• _Task instructions_: These entries are to be retyped in full, word for word.

--- Extracted information Enclosed Below ---

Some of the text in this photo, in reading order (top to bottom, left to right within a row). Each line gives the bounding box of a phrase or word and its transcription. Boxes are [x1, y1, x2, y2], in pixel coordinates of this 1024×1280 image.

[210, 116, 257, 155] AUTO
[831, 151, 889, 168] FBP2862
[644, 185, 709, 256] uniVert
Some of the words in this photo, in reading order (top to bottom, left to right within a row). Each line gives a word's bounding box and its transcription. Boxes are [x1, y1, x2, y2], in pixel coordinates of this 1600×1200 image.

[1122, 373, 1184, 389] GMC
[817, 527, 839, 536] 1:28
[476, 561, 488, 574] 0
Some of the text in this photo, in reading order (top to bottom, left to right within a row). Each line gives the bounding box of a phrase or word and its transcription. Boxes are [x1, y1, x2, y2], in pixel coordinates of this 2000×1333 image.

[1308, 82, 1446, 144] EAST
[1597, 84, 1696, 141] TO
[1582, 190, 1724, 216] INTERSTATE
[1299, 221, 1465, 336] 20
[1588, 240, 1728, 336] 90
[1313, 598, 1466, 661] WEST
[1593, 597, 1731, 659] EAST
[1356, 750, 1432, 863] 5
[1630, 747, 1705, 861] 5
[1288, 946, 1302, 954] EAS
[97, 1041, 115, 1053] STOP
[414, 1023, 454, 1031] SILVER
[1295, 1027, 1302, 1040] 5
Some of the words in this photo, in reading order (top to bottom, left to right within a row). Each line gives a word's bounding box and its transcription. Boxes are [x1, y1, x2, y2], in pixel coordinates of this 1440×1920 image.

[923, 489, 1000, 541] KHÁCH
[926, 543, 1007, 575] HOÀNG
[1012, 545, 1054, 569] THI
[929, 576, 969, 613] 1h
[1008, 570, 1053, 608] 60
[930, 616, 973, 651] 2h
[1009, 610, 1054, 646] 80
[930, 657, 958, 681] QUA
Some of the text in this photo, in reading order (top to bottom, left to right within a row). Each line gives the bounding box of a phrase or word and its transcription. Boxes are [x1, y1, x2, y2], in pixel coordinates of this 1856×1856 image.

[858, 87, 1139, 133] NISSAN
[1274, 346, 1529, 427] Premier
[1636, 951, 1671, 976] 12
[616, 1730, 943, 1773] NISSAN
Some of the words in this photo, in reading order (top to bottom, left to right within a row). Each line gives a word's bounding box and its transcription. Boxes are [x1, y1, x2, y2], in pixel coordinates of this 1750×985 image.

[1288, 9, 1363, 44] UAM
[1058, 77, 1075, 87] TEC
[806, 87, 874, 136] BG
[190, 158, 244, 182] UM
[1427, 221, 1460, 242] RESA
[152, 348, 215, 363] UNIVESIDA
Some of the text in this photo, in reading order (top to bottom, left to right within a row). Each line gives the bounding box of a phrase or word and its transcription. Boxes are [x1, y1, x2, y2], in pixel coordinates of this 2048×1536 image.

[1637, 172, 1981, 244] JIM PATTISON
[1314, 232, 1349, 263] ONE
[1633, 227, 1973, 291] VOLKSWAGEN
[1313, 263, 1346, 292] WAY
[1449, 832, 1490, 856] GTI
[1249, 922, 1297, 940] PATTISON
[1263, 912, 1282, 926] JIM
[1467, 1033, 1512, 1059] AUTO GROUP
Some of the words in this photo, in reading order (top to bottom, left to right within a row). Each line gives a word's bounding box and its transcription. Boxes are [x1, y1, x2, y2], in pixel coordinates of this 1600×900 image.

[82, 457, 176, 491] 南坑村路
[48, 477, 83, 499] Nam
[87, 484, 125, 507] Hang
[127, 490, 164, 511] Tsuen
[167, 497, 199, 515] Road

--- End of Enclosed Extracted information ---

• _Expected output_:
Some of the text in this photo, in reading order (top to bottom, left to right within a row). Each line gives the bounding box of a phrase or word and its transcription. Boxes are [x1, y1, x2, y2], in pixel coordinates of this 1024×1280 image.

[210, 116, 257, 155] AUTO
[831, 151, 889, 168] FBP2862
[644, 185, 709, 256] uniVert
Some of the words in this photo, in reading order (top to bottom, left to right within a row). Each line gives a word's bounding box and its transcription. Boxes are [x1, y1, x2, y2], in pixel coordinates of this 1600×1200 image.

[1122, 373, 1184, 389] GMC
[817, 527, 839, 536] 1:28
[476, 561, 488, 574] 0
Some of the text in this photo, in reading order (top to bottom, left to right within a row). Each line gives the bounding box of a phrase or word and its transcription. Boxes are [x1, y1, x2, y2], in pixel coordinates of this 2000×1333 image.

[1308, 82, 1446, 144] EAST
[1597, 84, 1696, 141] TO
[1582, 190, 1724, 216] INTERSTATE
[1299, 221, 1465, 336] 20
[1588, 240, 1728, 336] 90
[1313, 598, 1466, 661] WEST
[1593, 597, 1731, 659] EAST
[1356, 750, 1432, 863] 5
[1630, 747, 1705, 861] 5
[1288, 946, 1302, 954] EAS
[97, 1041, 115, 1053] STOP
[414, 1023, 454, 1031] SILVER
[1295, 1027, 1302, 1040] 5
Some of the words in this photo, in reading order (top to bottom, left to right within a row). Each line gives a word's bounding box and its transcription. Boxes are [x1, y1, x2, y2], in pixel coordinates of this 1440×1920 image.

[923, 489, 1000, 541] KHÁCH
[926, 543, 1007, 575] HOÀNG
[1012, 545, 1054, 569] THI
[929, 576, 969, 613] 1h
[1008, 570, 1053, 608] 60
[930, 616, 973, 651] 2h
[1009, 610, 1054, 646] 80
[930, 657, 958, 681] QUA
Some of the text in this photo, in reading order (top to bottom, left to right within a row). Each line gives the bounding box of a phrase or word and its transcription. Boxes are [x1, y1, x2, y2], in pixel coordinates of this 1856×1856 image.

[858, 87, 1139, 133] NISSAN
[1274, 346, 1529, 427] Premier
[1636, 951, 1671, 976] 12
[616, 1730, 943, 1773] NISSAN
Some of the words in this photo, in reading order (top to bottom, left to right within a row). Each line gives a word's bounding box and its transcription. Boxes are [x1, y1, x2, y2], in pixel coordinates of this 1750×985 image.

[1288, 9, 1363, 44] UAM
[1058, 77, 1075, 87] TEC
[806, 87, 874, 136] BG
[190, 158, 244, 182] UM
[1427, 221, 1460, 242] RESA
[152, 348, 215, 363] UNIVESIDA
Some of the text in this photo, in reading order (top to bottom, left to right within a row). Each line gives the bounding box of a phrase or word and its transcription. Boxes are [x1, y1, x2, y2], in pixel coordinates of this 2048×1536 image.

[1637, 172, 1981, 244] JIM PATTISON
[1314, 232, 1349, 263] ONE
[1633, 227, 1973, 291] VOLKSWAGEN
[1313, 263, 1346, 292] WAY
[1449, 832, 1490, 856] GTI
[1249, 922, 1297, 940] PATTISON
[1263, 912, 1282, 926] JIM
[1467, 1033, 1512, 1059] AUTO GROUP
Some of the words in this photo, in reading order (top to bottom, left to right within a row). Each line gives a word's bounding box and its transcription. Boxes are [x1, y1, x2, y2], in pixel coordinates of this 1600×900 image.

[82, 457, 176, 491] 南坑村路
[48, 477, 83, 499] Nam
[87, 484, 125, 507] Hang
[127, 490, 164, 511] Tsuen
[167, 497, 199, 515] Road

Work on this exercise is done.